DESCRIPTION OF THE TASK:
An exact transcription of all the records is required, minus the images.
· · · · · · ·
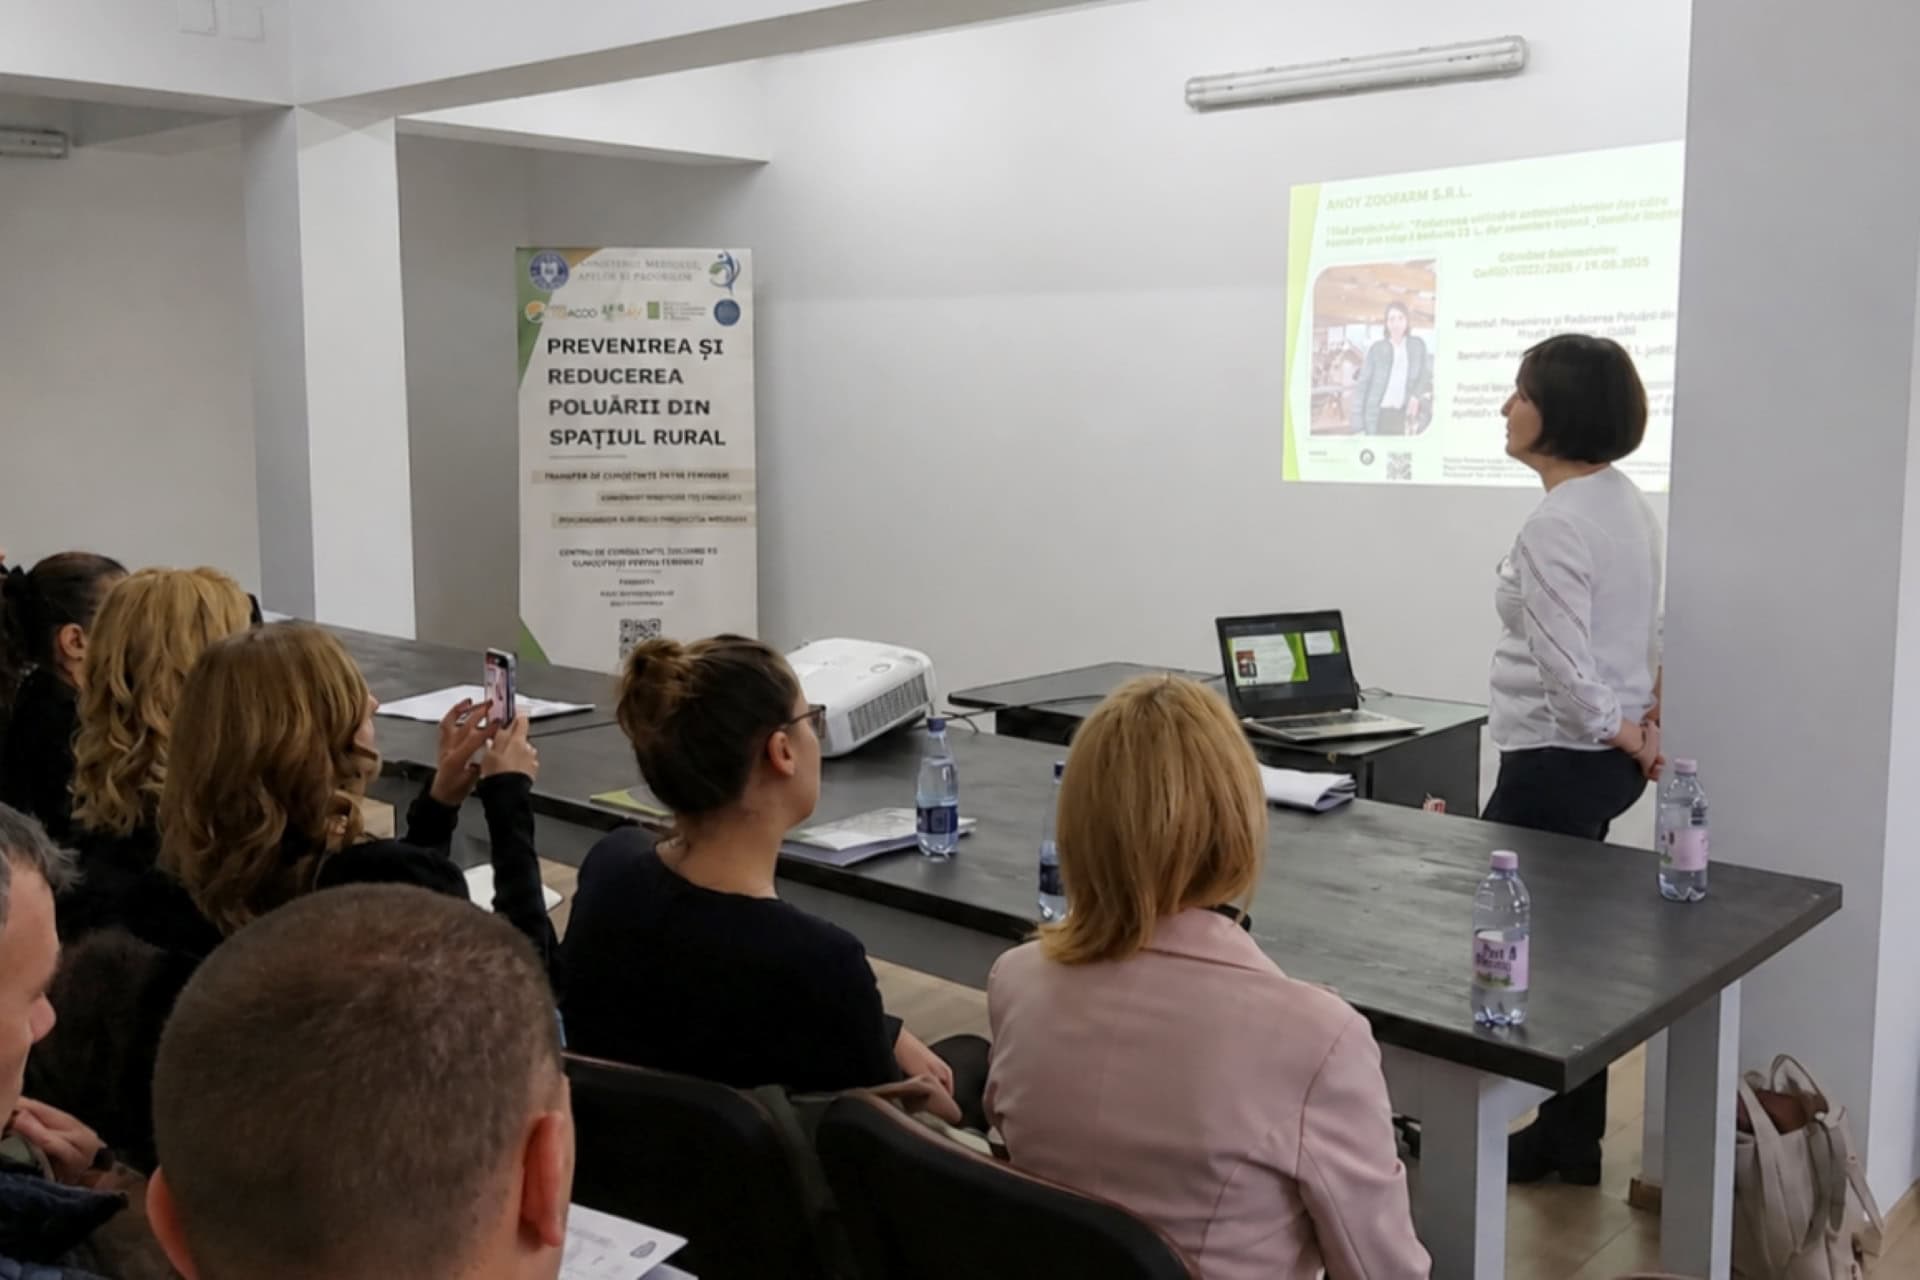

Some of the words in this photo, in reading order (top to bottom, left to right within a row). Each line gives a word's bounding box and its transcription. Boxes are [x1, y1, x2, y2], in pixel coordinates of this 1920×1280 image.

[547, 337, 693, 356] PREVENIREA
[698, 337, 724, 361] ȘI
[548, 367, 684, 385] REDUCEREA
[549, 394, 661, 416] POLUĂRII
[667, 399, 711, 416] DIN
[549, 428, 647, 450] SPAȚIUL
[653, 428, 726, 446] RURAL
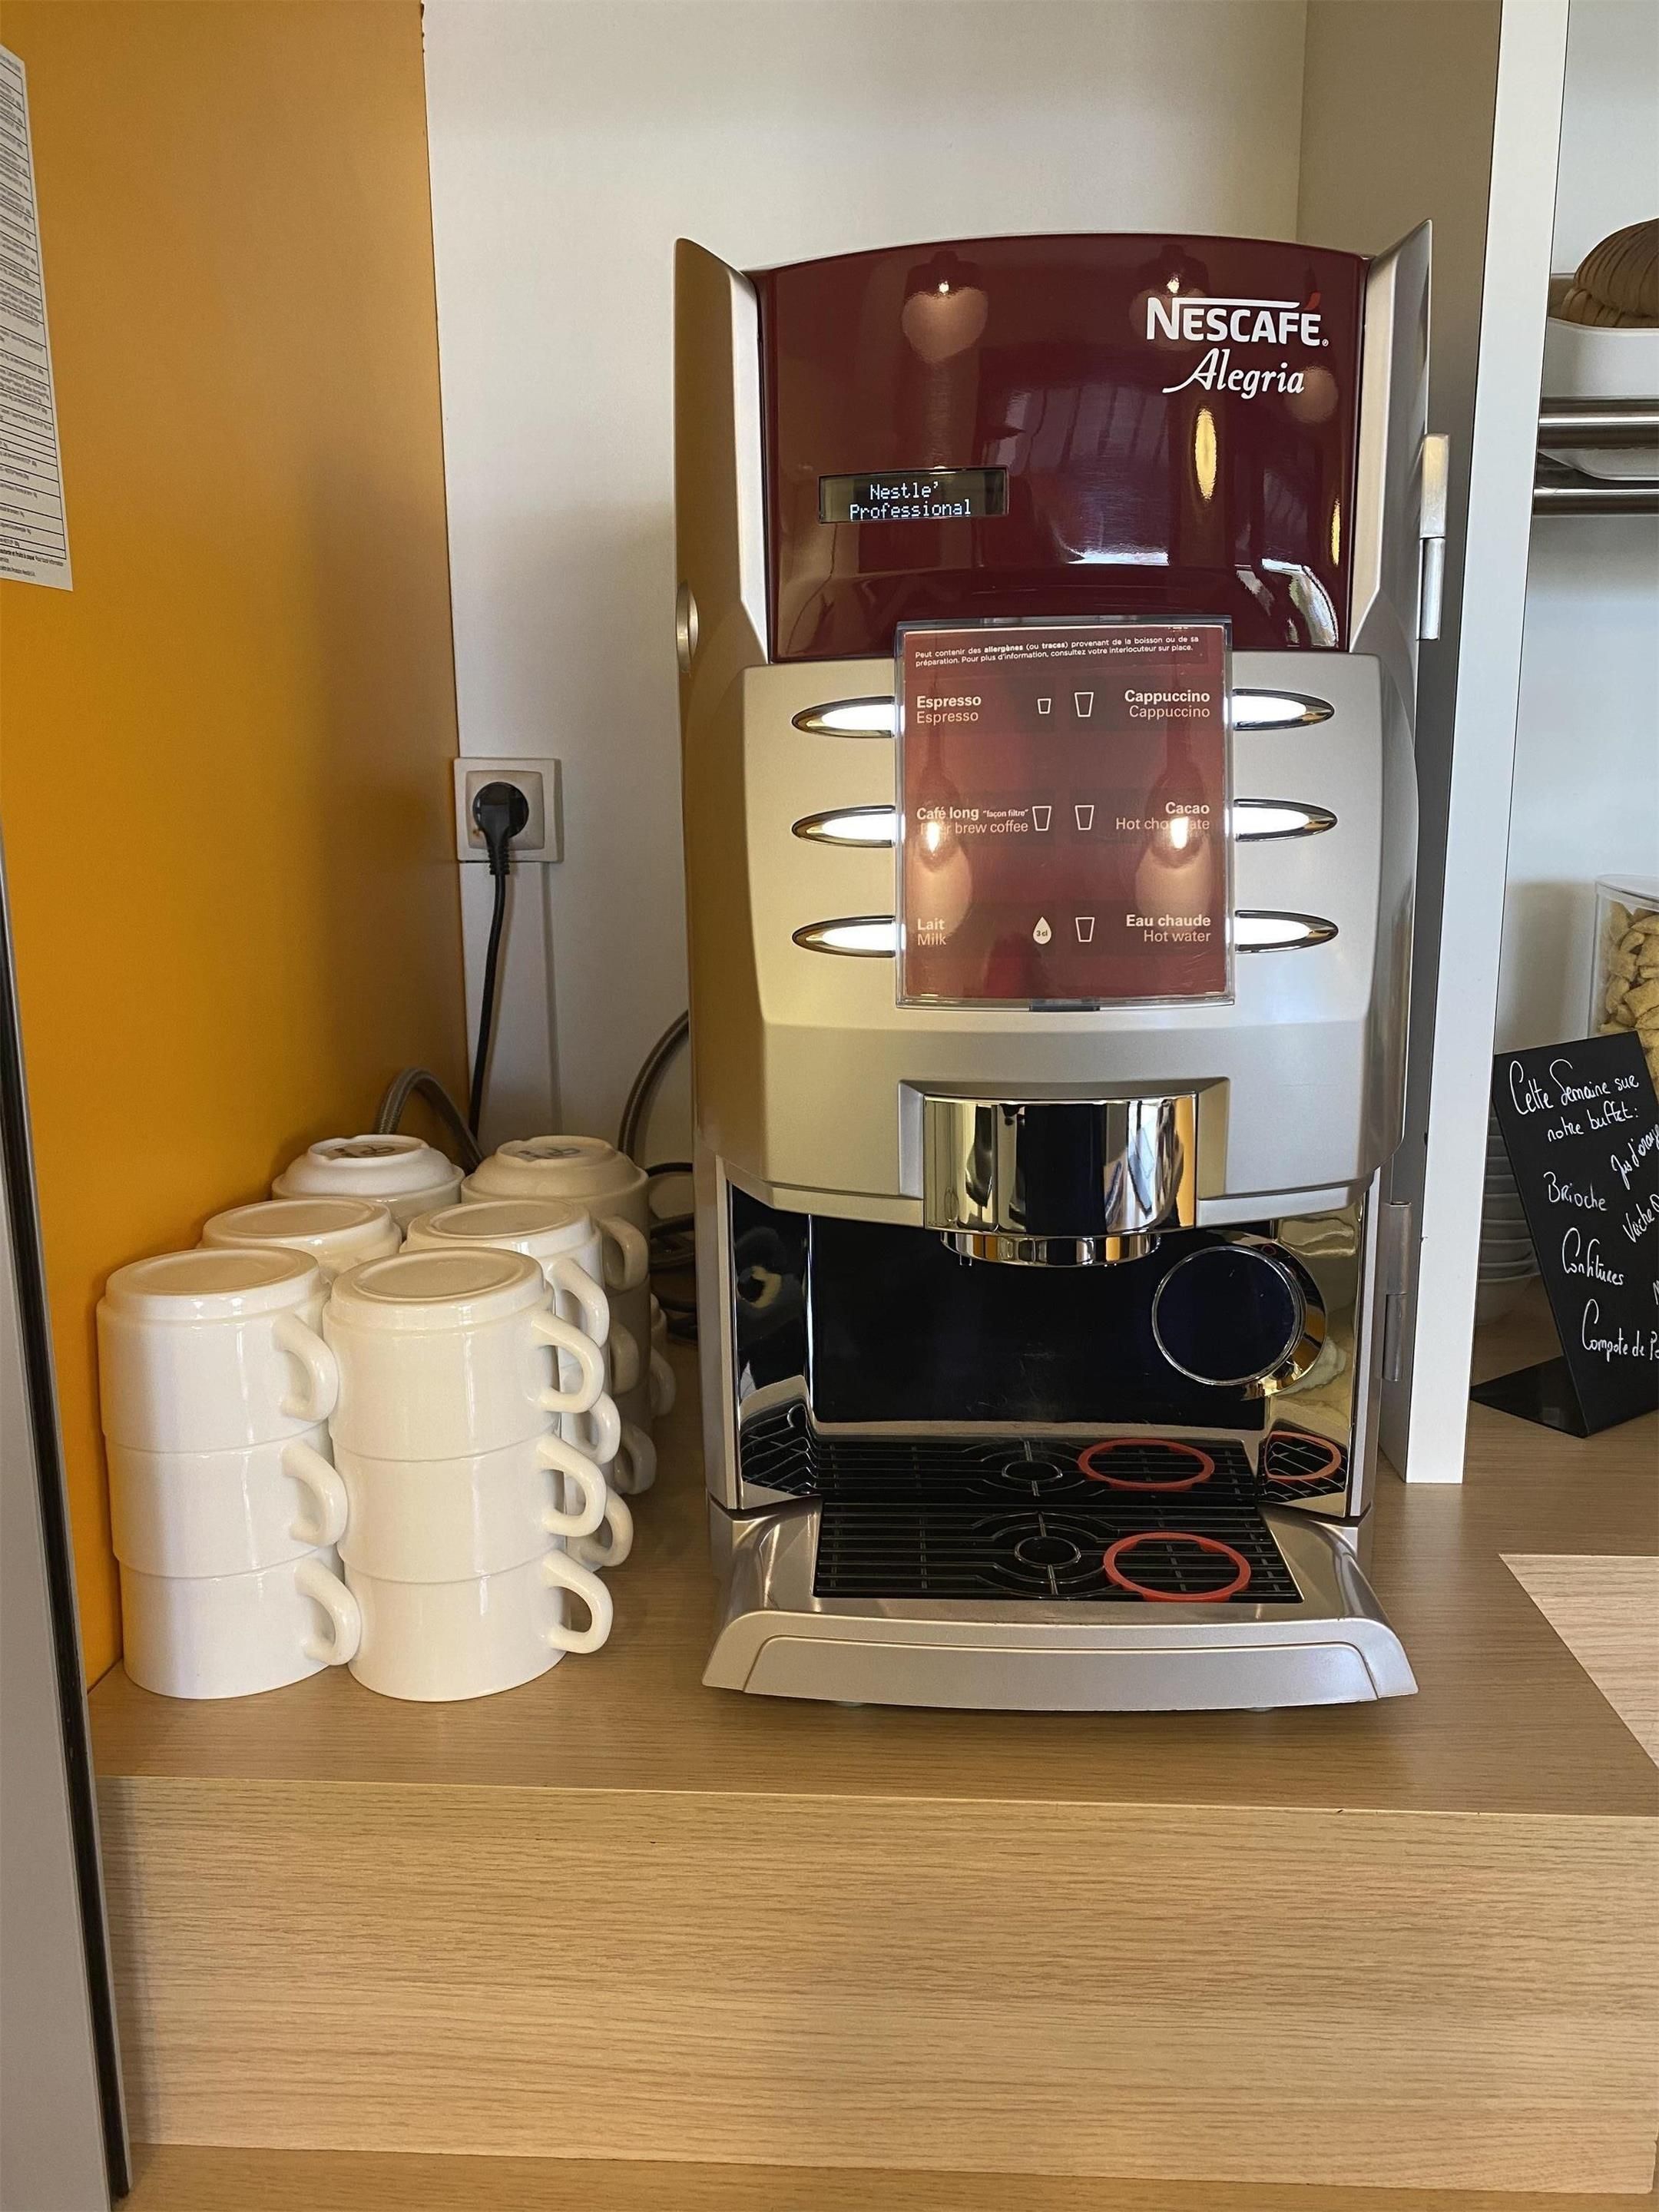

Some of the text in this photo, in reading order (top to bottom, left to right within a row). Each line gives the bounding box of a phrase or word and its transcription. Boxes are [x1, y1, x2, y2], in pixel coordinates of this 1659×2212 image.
· · · · · · ·
TASK RESPONSE:
Some of the words in this photo, in reading order (top to bottom, left to right within a row). Each line gives a word's bounding box and its transcription. Boxes are [x1, y1, x2, y2], in pixel coordinates of this 1920×1280 image.

[547, 337, 693, 356] PREVENIREA
[698, 337, 724, 361] ȘI
[548, 367, 684, 385] REDUCEREA
[549, 394, 661, 416] POLUĂRII
[667, 399, 711, 416] DIN
[549, 428, 647, 450] SPAȚIUL
[653, 428, 726, 446] RURAL

Some of the text in this photo, in reading order (top to bottom, left to right within a row). Each line gives the bounding box of a phrase or word and its transcription. Boxes are [x1, y1, x2, y2], in pixel coordinates of this 1659×2212 image.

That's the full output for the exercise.